This video is a retrospective of the speaker's favorite video games from 2024. The speaker discusses his experience with several games, highlighting both positive and negative aspects, and reflecting on the emotional connection he forms with games and their communities.
Cette vidéo est une rétrospective des jeux vidéo préférés de l'orateur de l'année 2024. L'orateur discute de son expérience avec plusieurs jeux, soulignant les aspects positifs et négatifs, et réfléchissant sur le lien émotionnel qu'il établit avec les jeux et leurs communautés.

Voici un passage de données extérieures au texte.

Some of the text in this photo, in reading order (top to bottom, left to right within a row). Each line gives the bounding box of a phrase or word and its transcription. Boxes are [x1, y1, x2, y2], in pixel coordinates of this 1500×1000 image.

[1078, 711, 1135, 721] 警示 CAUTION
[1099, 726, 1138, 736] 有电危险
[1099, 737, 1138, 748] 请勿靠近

Voici une liste des jeux abordés dans la vidéo et l'avis du speaker pour chacun d'eux. Notez que son opinion est subjective et exprimée avec beaucoup d'émotion et d'humour. Je me suis efforcé de résumer son opinion le plus fidèlement possible:
Kingdom New Lands: Il y a d'abord retombé par habitude, recherchant un sentiment d'isolement et de défense. Il le critique implicitement en soulignant que l'immobilité y est synonyme de mort, contrairement à ce qu'il recherchait.

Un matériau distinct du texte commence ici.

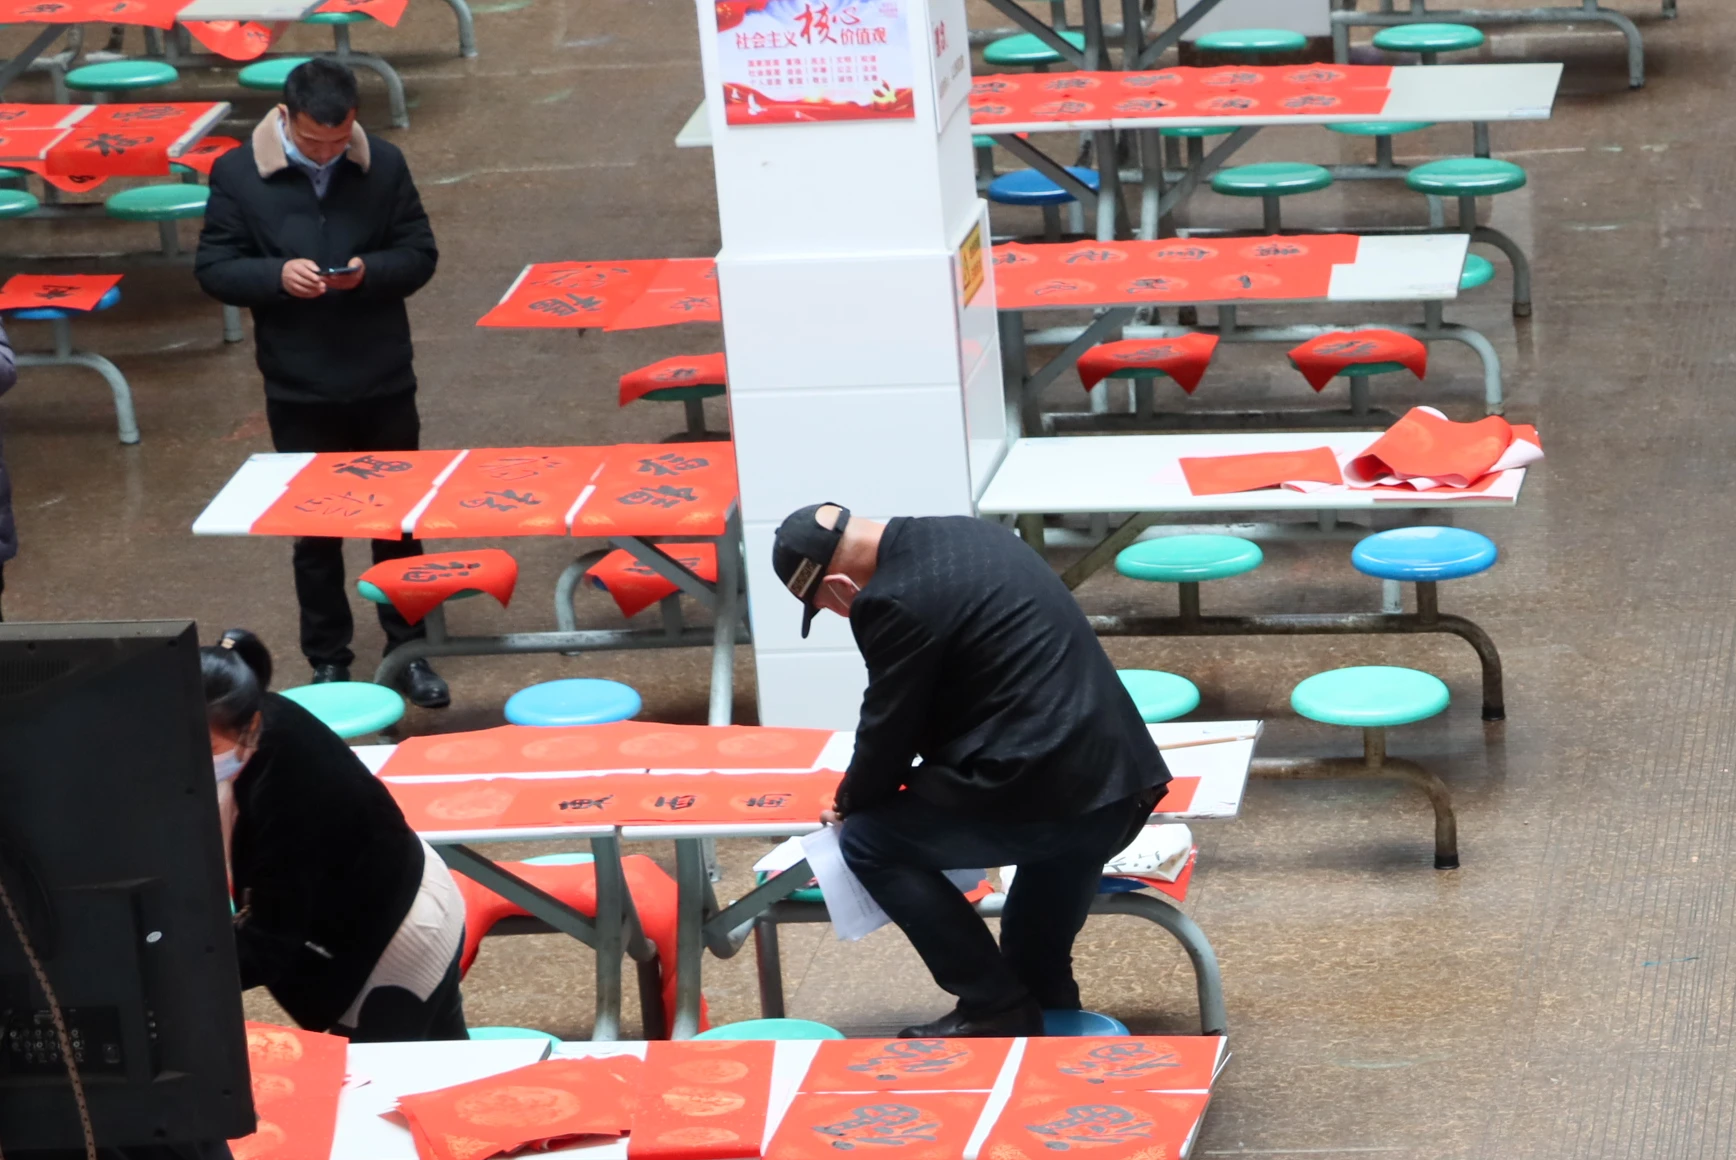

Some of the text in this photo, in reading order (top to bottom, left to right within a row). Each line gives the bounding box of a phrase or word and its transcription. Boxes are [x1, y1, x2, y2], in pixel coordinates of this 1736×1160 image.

[794, 2, 861, 45] 核心
[735, 32, 798, 50] 社会主义
[840, 27, 888, 46] 价值观
[332, 454, 414, 479] 福
[637, 453, 710, 477] 福

Gladius (Warhammer 40,000): Déception. Il avait espéré un jeu du niveau de Civilization, mais le résultat ne lui a pas plu. Il le voit comme un échec à sortir de ses boucles de jeu habituelles.
Griftlands: Mentionné brièvement comme un autre exemple de jeu dans lequel il est resté bloqué dans des boucles de jeu familières.

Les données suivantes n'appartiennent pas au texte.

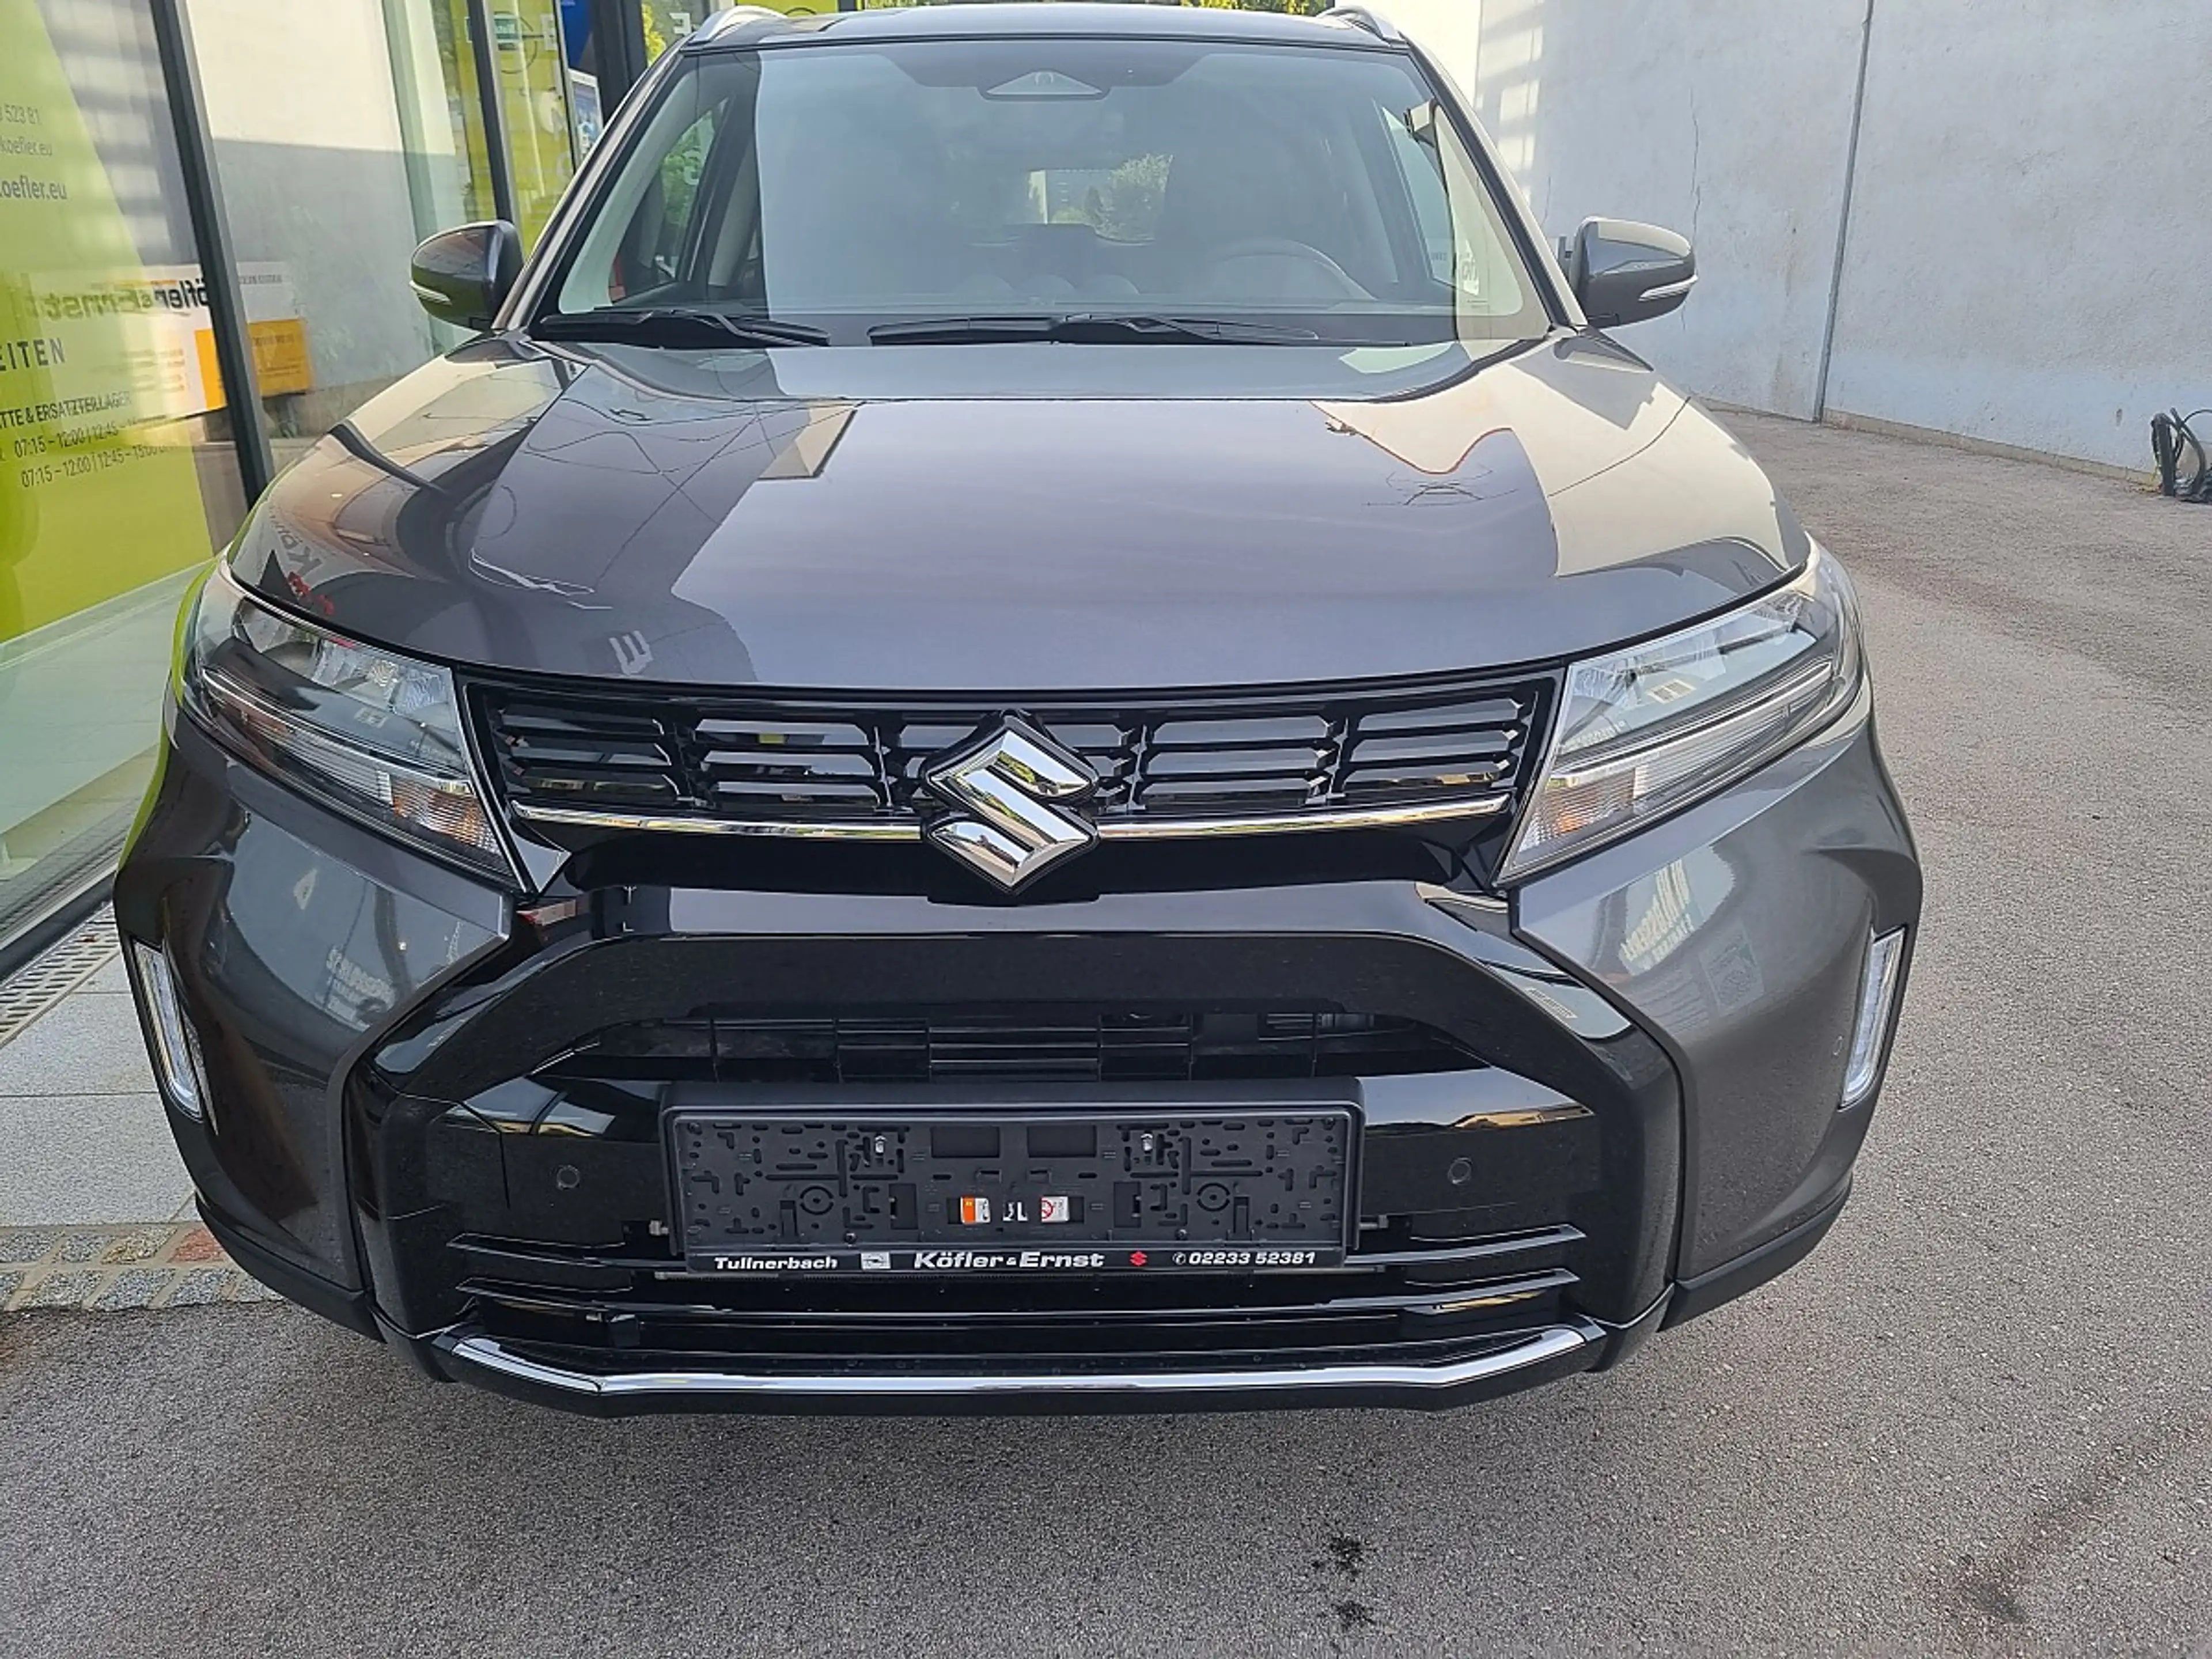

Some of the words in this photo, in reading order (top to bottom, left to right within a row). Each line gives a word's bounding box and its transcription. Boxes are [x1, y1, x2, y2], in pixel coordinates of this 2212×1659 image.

[5, 104, 26, 123] 523
[29, 108, 41, 125] 81
[0, 175, 67, 199] oefler.eu
[0, 408, 24, 430] TTE
[26, 406, 35, 423] &
[14, 435, 47, 458] 07:15
[21, 464, 52, 487] 07:15
[714, 1255, 838, 1270] Tullnerbach
[1188, 1251, 1251, 1265] 02233
[1255, 1251, 1316, 1265] 52381

Star Citizen: Il y joue chaque année depuis 2015 pour voir les nouveautés, mais il questionne son attachement à ce jeu, le voyant comme un vestige d'un passé révolu.
American Arcadia: Il apprécie l'aspect "Truman Show" du jeu, mais trouve l'extérieur de l'illusion sombre et froid, contrairement à l'enthousiasme de sa communauté.
Stellaris: Il y a joué près de 100 heures, mais avoue ne pas comprendre comment bien y jouer. Néanmoins, il apprécie le jeu et souhaite partager sa passion pour celui-ci.
Spice Wars: Il le décrit comme une excellente combinaison de stratégie, le comparant à des lasagnes aux légumes : initialement sceptique, il en apprécie le résultat.
Cyberpunk 2077: Il y retourne non seulement pour se préparer au DLC, mais aussi par nostalgie pour les personnages et l'univers.
Mafia Remake: Il apprécie le sentiment de familiarité et de réconfort qu'offre le remake, lui rappelant des amis et des souvenirs.
Minamilaine: Il apprécie sa légèreté, sa simplicité et son aspect addictif.
Hungerfoot: Il le décrit comme un jeu grossier en vue à la première personne, mais génial.
Prince of Persia: The Sands of Time Remake: Il s'interroge sur le choix d'Ubisoft de faire un Metroidvania, se demandant pourquoi ils n'y ont pas pensé plus tôt.
Hollow Knight: Il y a joué pour calmer sa soif de Metroidvania après avoir fini Prince of Persia.
Compagnie of Heroes 3: Malgré les critiques, il a beaucoup apprécié le jeu, le trouvant incroyable et bourré de contenu. Il apprécie les deux campagnes (Afrique du Nord et Italie) et la transition entre les deux. Il est particulièrement impressionné par l'immersion historique.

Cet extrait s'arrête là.